Gli operai erano impiegati nella Bajra Qatar Company, ditta che fornisce manodopera edile. Quattro mesi fa, l'azienda ha iniziato a non pagare più gli stipendi, e i lavoratori si sono ritrovati per strada. Raghav Ansari, originario del distretto di Parsha in Nepal, racconta: "Siamo senza soldi e senza lavoro. Non potendo mangiare, io e i miei amici eravamo troppo deboli e siamo stati licenziati".

Per il momento, l'ambasciata del Nepal in Qatar non dà grandi segnali. Rishiram Ghimire, un diplomatico, ammette che "67 operai sono venuti per chiedere aiuto. Stiamo cercando di risolvere il problema. Abbiamo parlato con il datore di lavoro, che ha promesso di pagare i salari arretrati entro un mese e mezzo". Tuttavia, gli operai chiedono di essere rimpatriati.

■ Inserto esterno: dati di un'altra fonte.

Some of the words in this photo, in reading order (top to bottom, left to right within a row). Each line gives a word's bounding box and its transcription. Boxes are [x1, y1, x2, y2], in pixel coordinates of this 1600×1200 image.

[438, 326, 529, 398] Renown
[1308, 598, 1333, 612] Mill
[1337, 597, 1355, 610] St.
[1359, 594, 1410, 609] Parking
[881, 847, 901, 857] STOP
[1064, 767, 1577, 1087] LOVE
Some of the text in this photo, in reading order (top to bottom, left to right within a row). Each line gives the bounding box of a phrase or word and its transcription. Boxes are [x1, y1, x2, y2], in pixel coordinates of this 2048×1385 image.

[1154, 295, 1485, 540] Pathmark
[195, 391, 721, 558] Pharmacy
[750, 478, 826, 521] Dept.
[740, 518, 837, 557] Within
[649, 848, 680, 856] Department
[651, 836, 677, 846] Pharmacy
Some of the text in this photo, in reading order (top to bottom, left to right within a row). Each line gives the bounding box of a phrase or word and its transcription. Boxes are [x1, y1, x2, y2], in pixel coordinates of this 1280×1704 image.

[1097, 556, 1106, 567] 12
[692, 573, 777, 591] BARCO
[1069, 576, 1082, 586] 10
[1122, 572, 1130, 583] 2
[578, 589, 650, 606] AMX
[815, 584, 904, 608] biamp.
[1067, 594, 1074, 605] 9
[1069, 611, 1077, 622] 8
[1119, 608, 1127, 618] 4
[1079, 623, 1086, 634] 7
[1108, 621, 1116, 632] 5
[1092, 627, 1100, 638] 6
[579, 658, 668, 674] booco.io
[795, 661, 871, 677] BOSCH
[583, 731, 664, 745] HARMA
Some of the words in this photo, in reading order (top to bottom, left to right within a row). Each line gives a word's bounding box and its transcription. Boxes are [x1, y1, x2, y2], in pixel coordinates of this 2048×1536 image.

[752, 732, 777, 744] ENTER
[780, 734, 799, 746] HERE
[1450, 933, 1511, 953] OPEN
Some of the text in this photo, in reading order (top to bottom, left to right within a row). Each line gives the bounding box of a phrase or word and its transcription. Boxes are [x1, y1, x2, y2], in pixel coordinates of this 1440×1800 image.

Il Nepal ha più di 4 milioni di suoi cittadini impiegati all'estero, il 10% dei quali sono donne. Proprio queste sono le principali vittime di abusi sessuali, maltrattamenti e sfruttamento sul posto di lavoro, al punto che il 10 agosto scorso il governo del Nepal ha bloccato l'emigrazione delle donne sotto i 30 anni. La maggior parte dei casi si registra in Arabia Saudita, Qatar e Kuwait, ma anche altri Paesi mediorientali.